◆ **Data to examine**
____________

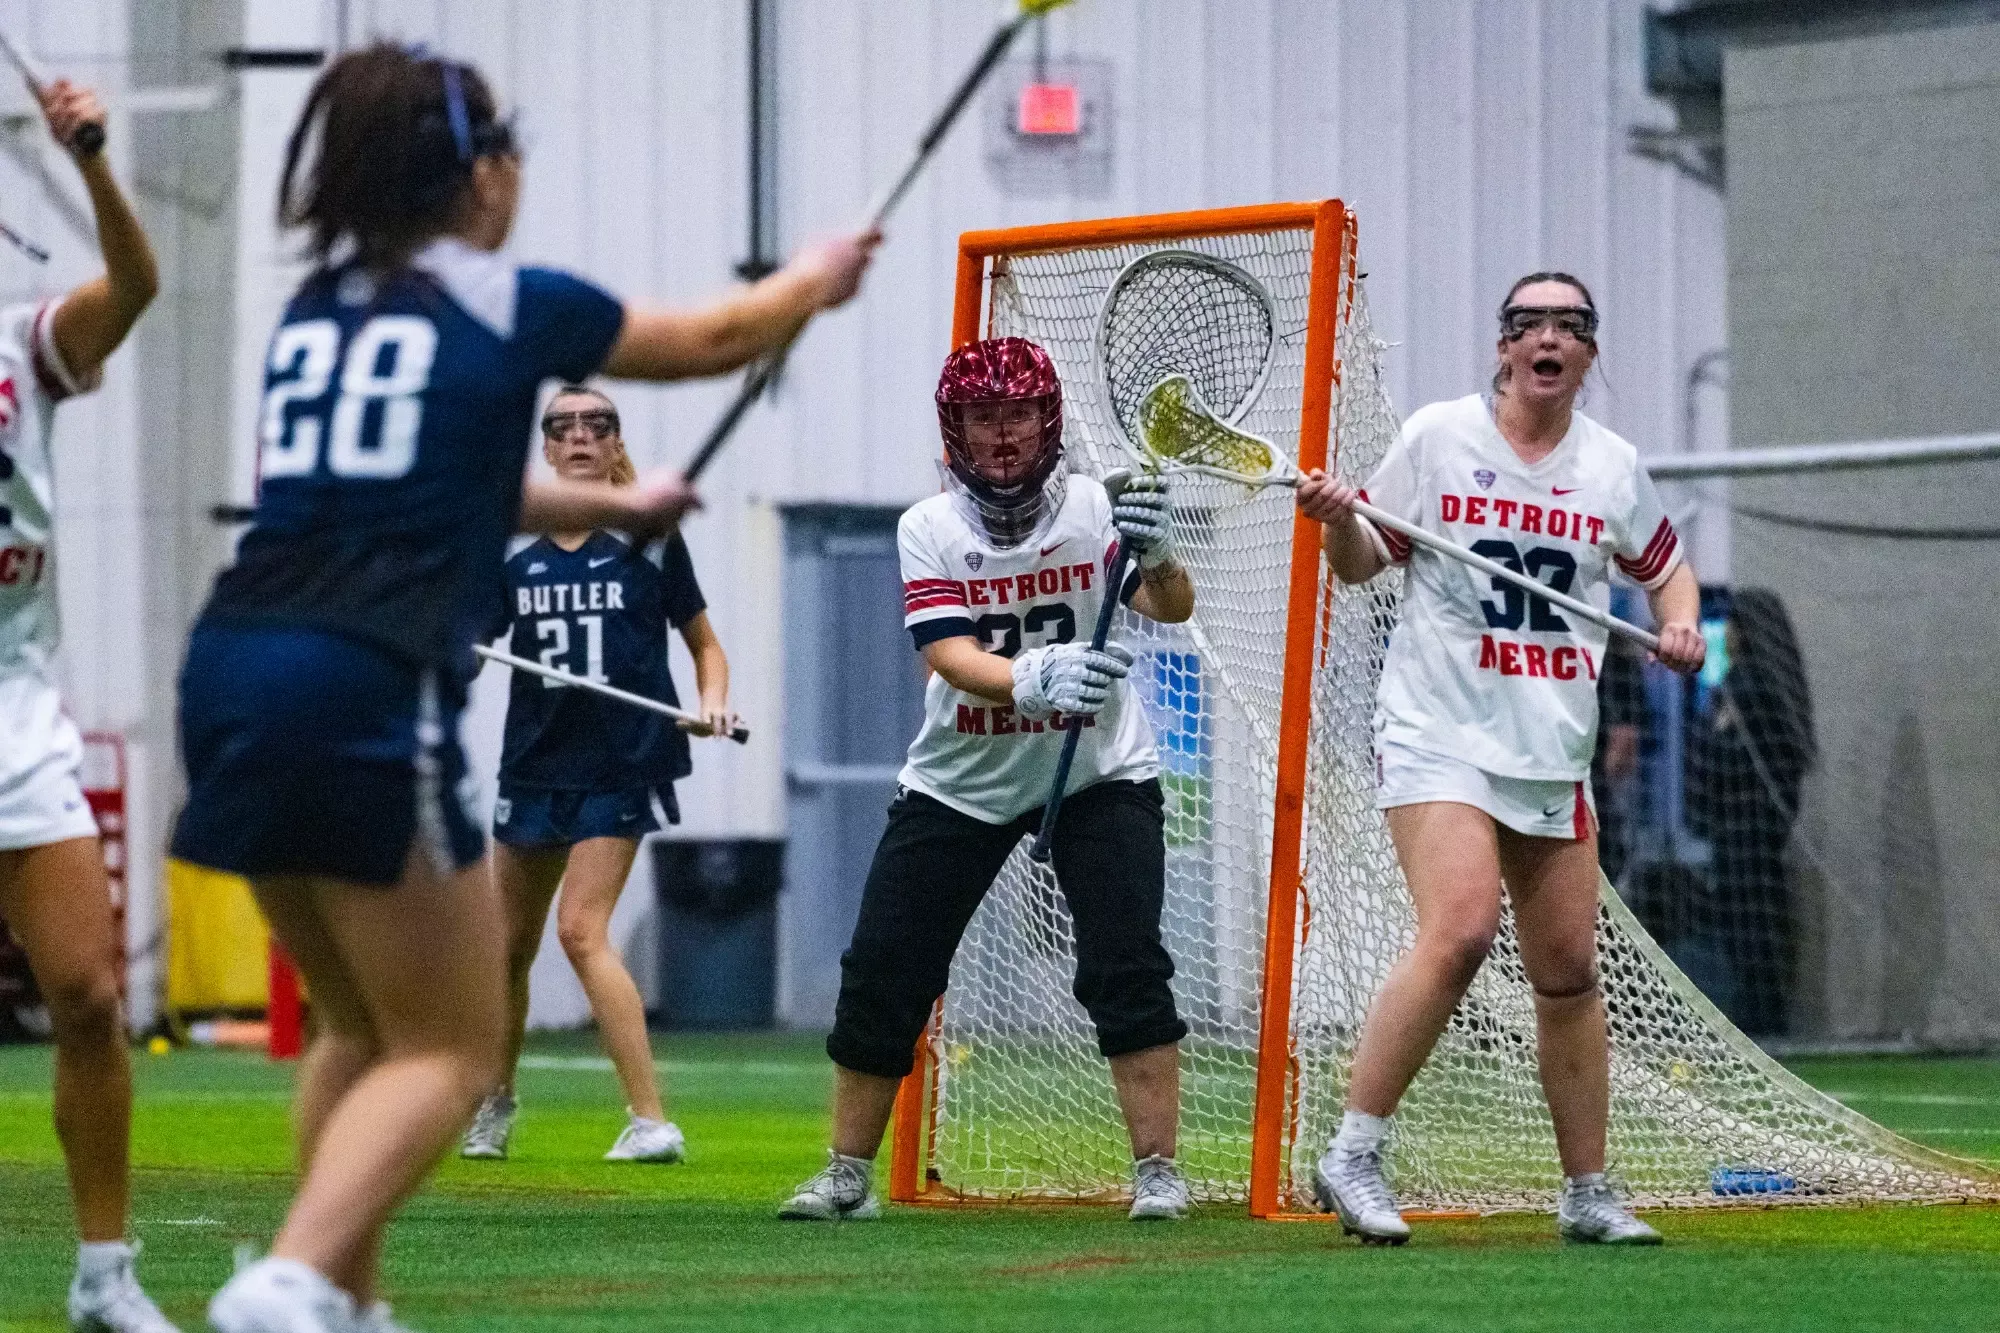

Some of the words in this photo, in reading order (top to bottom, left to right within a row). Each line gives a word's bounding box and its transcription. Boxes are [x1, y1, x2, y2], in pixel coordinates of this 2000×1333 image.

[261, 315, 440, 479] 28
[1441, 494, 1604, 545] DETROIT
[517, 581, 625, 615] BUTLER
[958, 562, 1094, 605] ETROIT
[1469, 539, 1577, 632] 32
[536, 615, 609, 688] 21
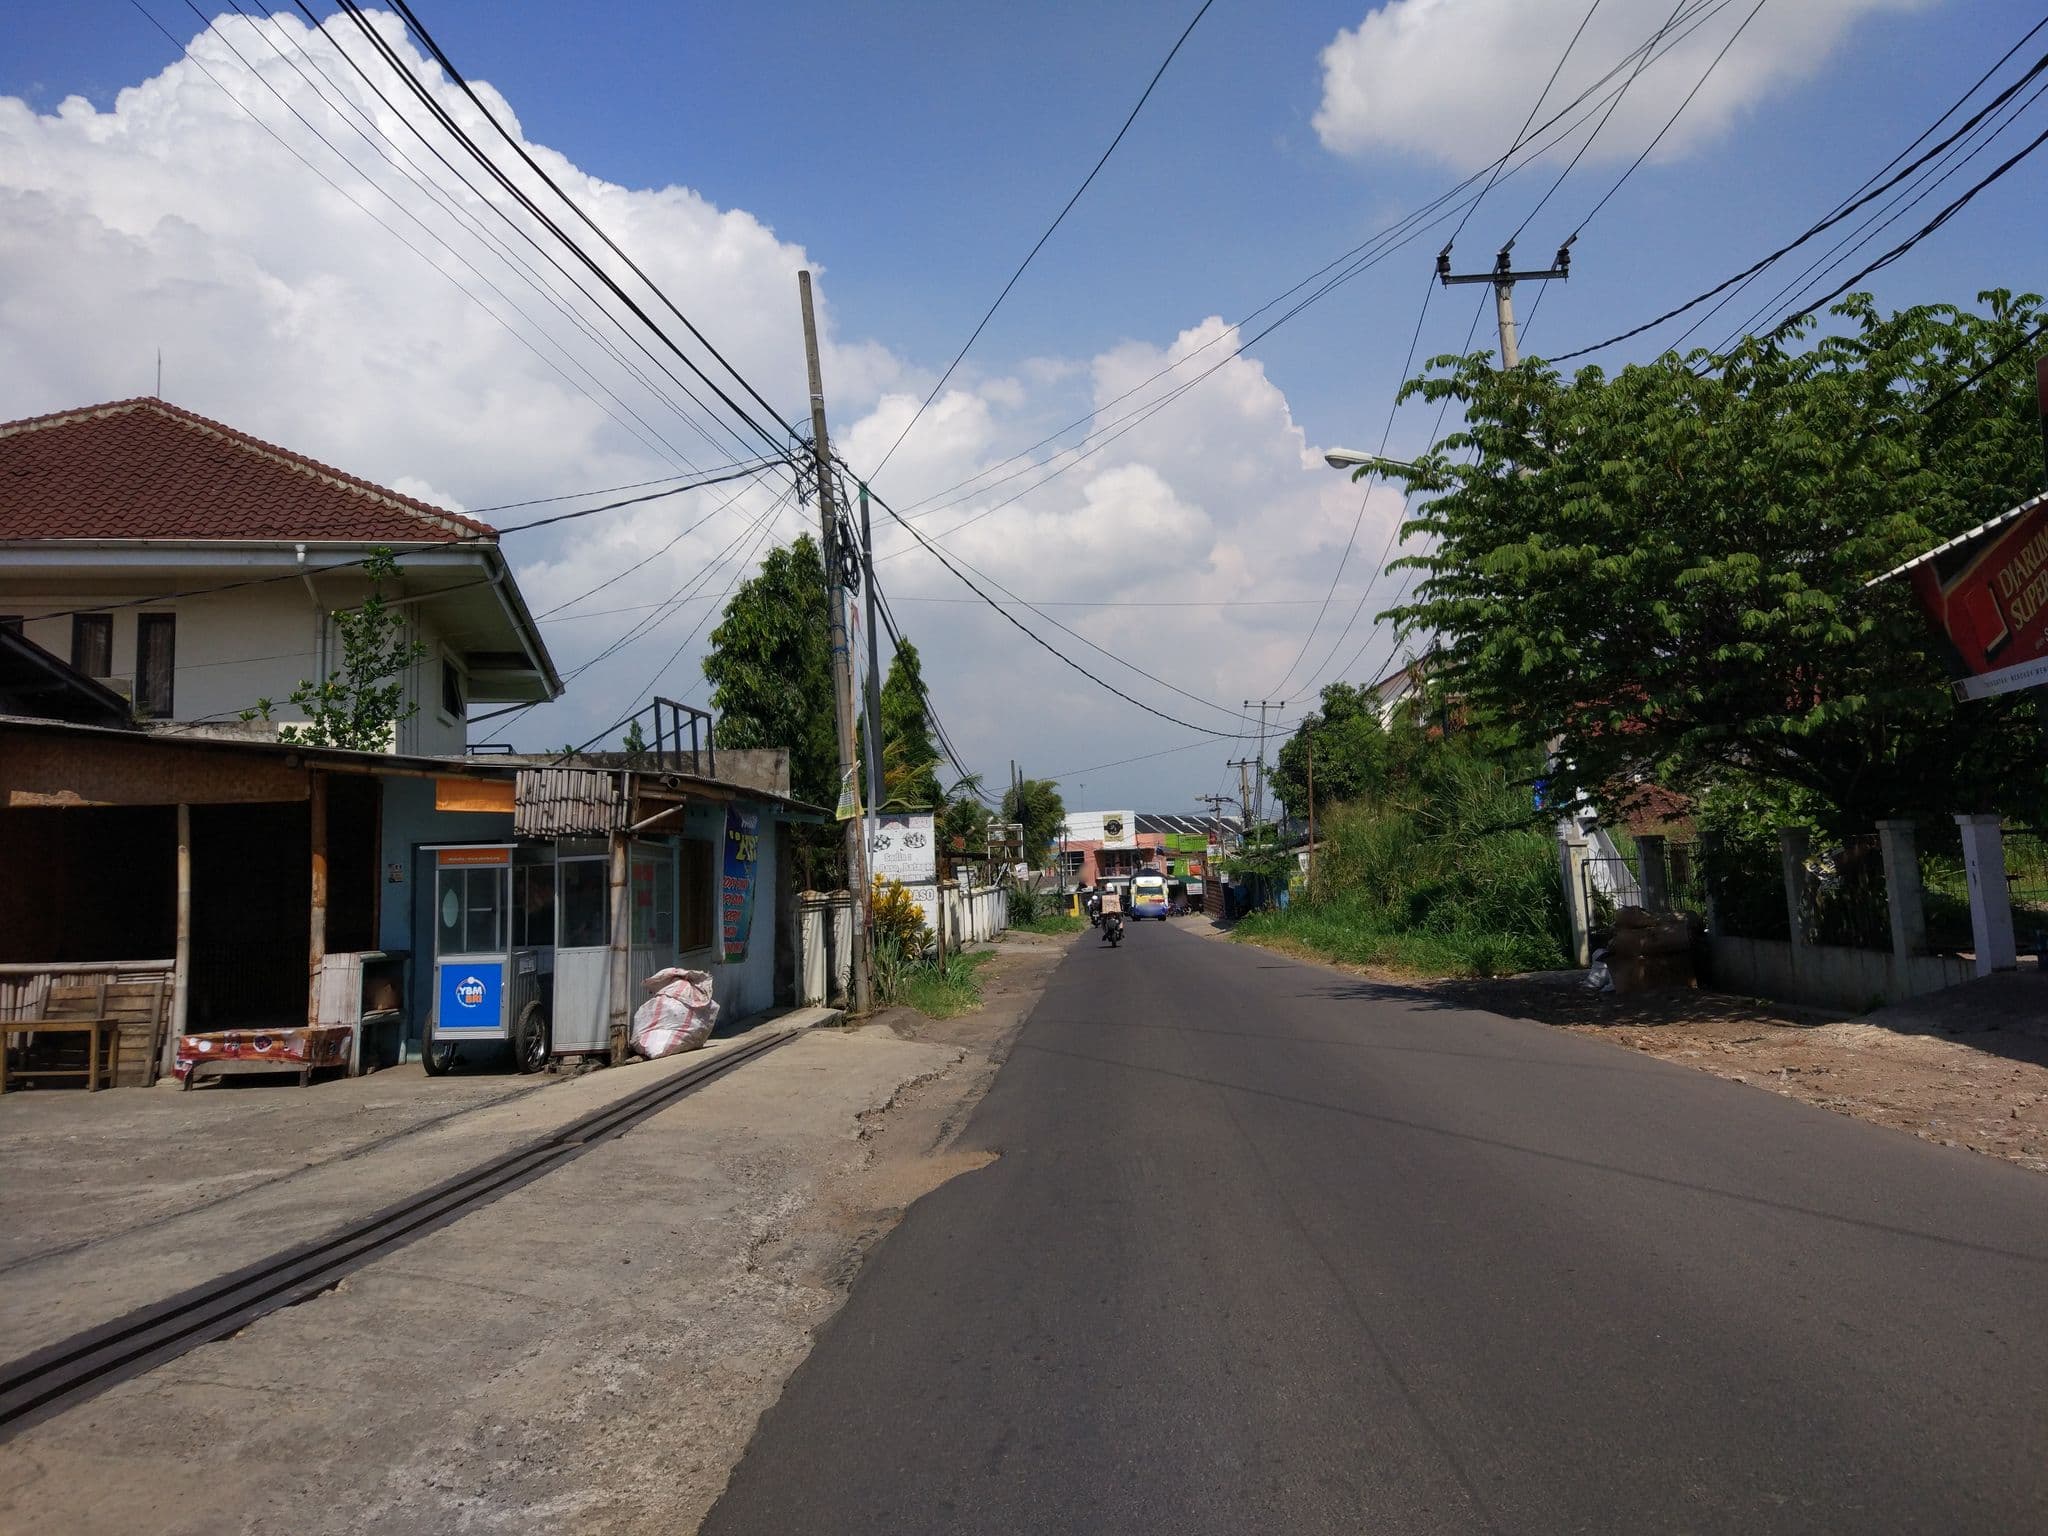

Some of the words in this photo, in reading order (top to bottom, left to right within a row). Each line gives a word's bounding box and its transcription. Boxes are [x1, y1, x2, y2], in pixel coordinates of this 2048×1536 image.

[2010, 568, 2048, 631] SUPER
[908, 889, 934, 901] ASO
[460, 986, 482, 995] YBM
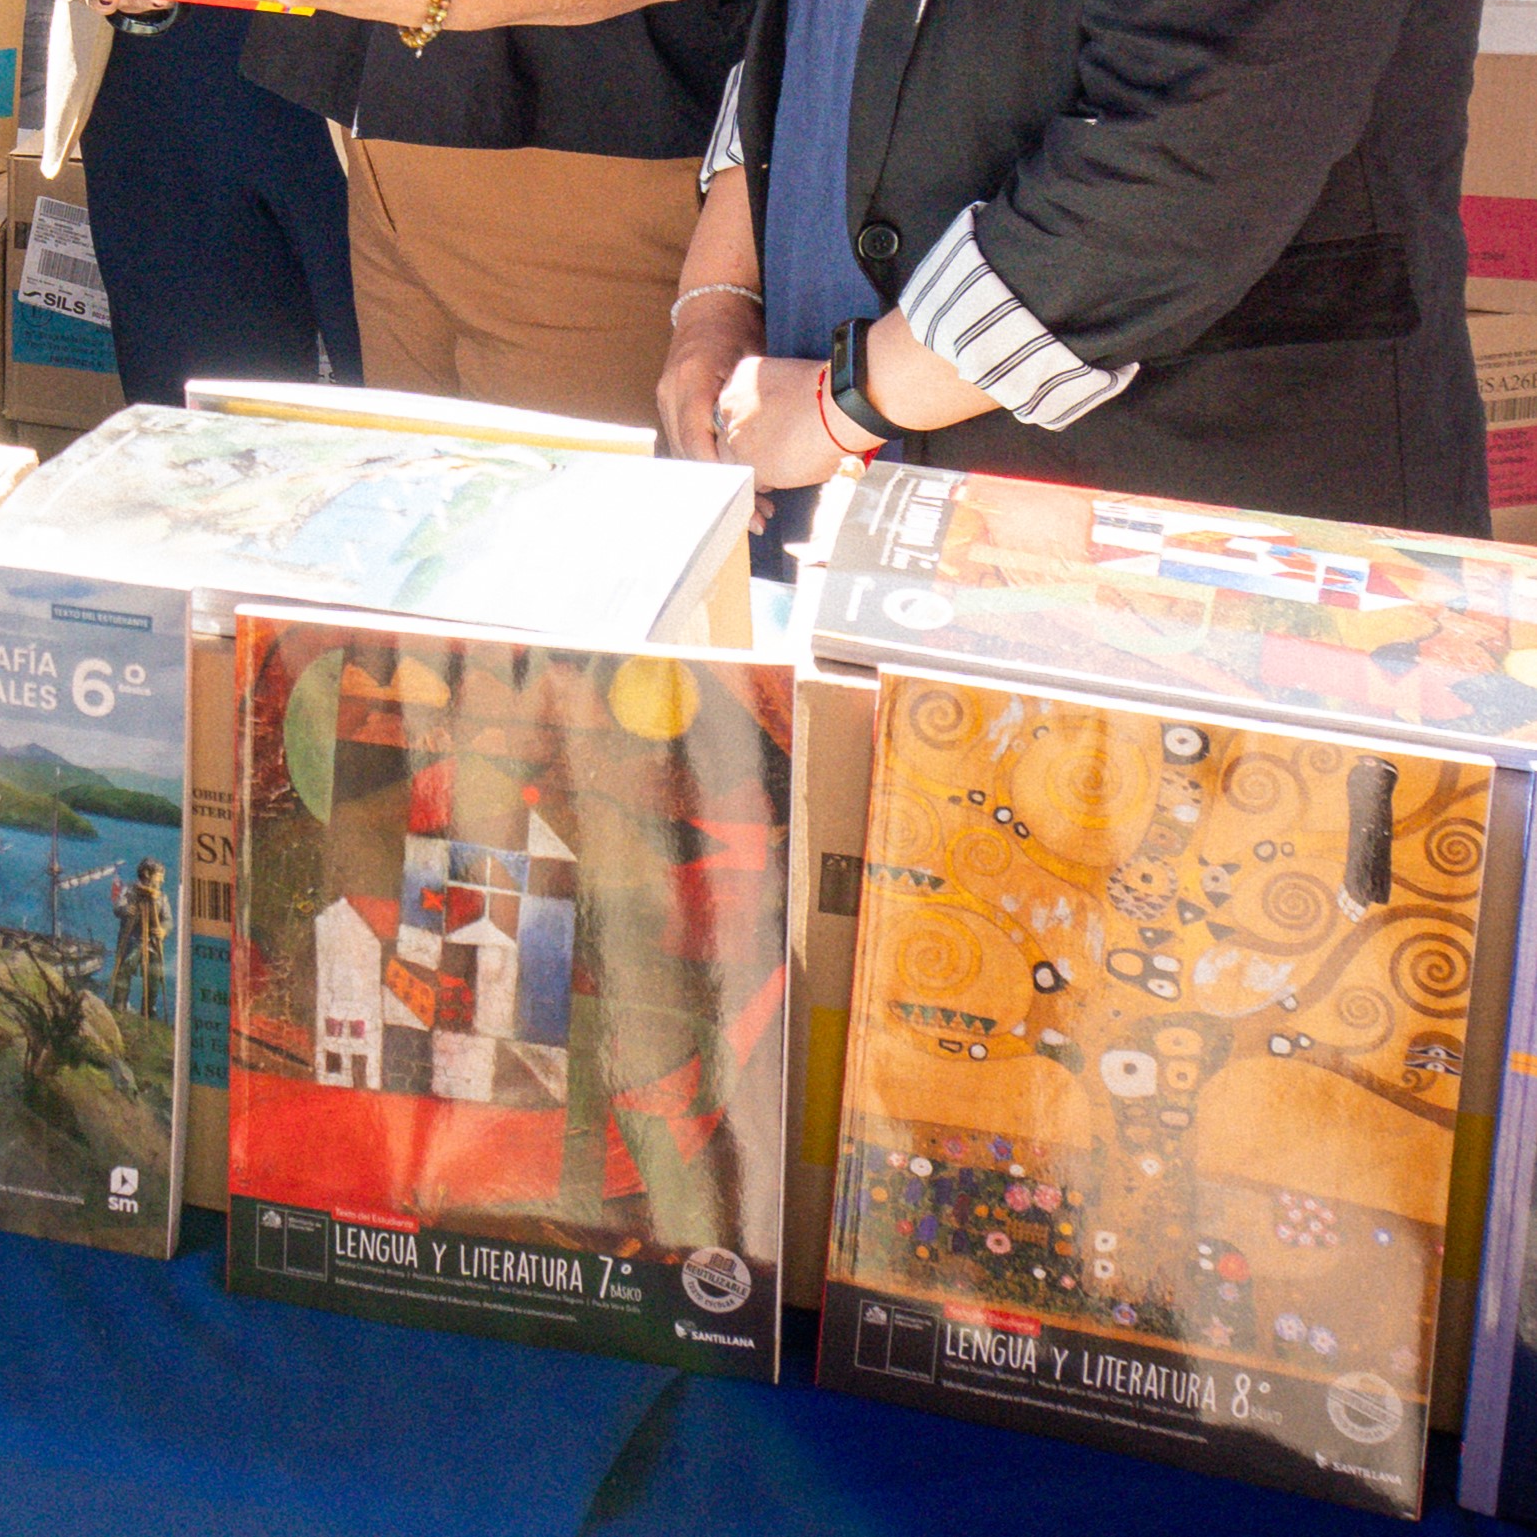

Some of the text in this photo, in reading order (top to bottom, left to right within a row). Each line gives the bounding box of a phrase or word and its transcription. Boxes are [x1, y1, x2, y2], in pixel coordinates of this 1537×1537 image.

[43, 292, 86, 315] SILS
[108, 1194, 139, 1214] sm
[334, 1223, 418, 1269] LENGUA
[432, 1241, 447, 1275] Y
[459, 1244, 584, 1293] LITERATURA
[684, 1263, 748, 1298] REUTILIZABLE
[690, 1330, 756, 1350] SANTILLANA
[945, 1323, 1037, 1374] LENGUA
[1052, 1347, 1069, 1380] Y
[1082, 1350, 1217, 1413] LITERATURA
[1331, 1460, 1403, 1486] SANTILLANA

____________

◆ **Assignment**
Please reproduce the records above exactly, leaving out every picture.

◆ **The completed task**
Some of the words in this photo, in reading order (top to bottom, left to right within a row). Each line gives a word's bounding box and its transcription. Boxes are [x1, y1, x2, y2], in pixel coordinates of this 2000×1333 image.

[261, 315, 440, 479] 28
[1441, 494, 1604, 545] DETROIT
[517, 581, 625, 615] BUTLER
[958, 562, 1094, 605] ETROIT
[1469, 539, 1577, 632] 32
[536, 615, 609, 688] 21

Some of the words in this photo, in reading order (top to bottom, left to right within a row). Each line gives a word's bounding box and its transcription. Boxes are [x1, y1, x2, y2], in pixel coordinates of this 2048×1536 image.

[2010, 568, 2048, 631] SUPER
[908, 889, 934, 901] ASO
[460, 986, 482, 995] YBM

Some of the text in this photo, in reading order (top to bottom, left to right within a row). Each line gives the bounding box of a phrase or word and its transcription. Boxes are [x1, y1, x2, y2], in pixel coordinates of this 1537×1537 image.

[43, 292, 86, 315] SILS
[108, 1194, 139, 1214] sm
[334, 1223, 418, 1269] LENGUA
[432, 1241, 447, 1275] Y
[459, 1244, 584, 1293] LITERATURA
[684, 1263, 748, 1298] REUTILIZABLE
[690, 1330, 756, 1350] SANTILLANA
[945, 1323, 1037, 1374] LENGUA
[1052, 1347, 1069, 1380] Y
[1082, 1350, 1217, 1413] LITERATURA
[1331, 1460, 1403, 1486] SANTILLANA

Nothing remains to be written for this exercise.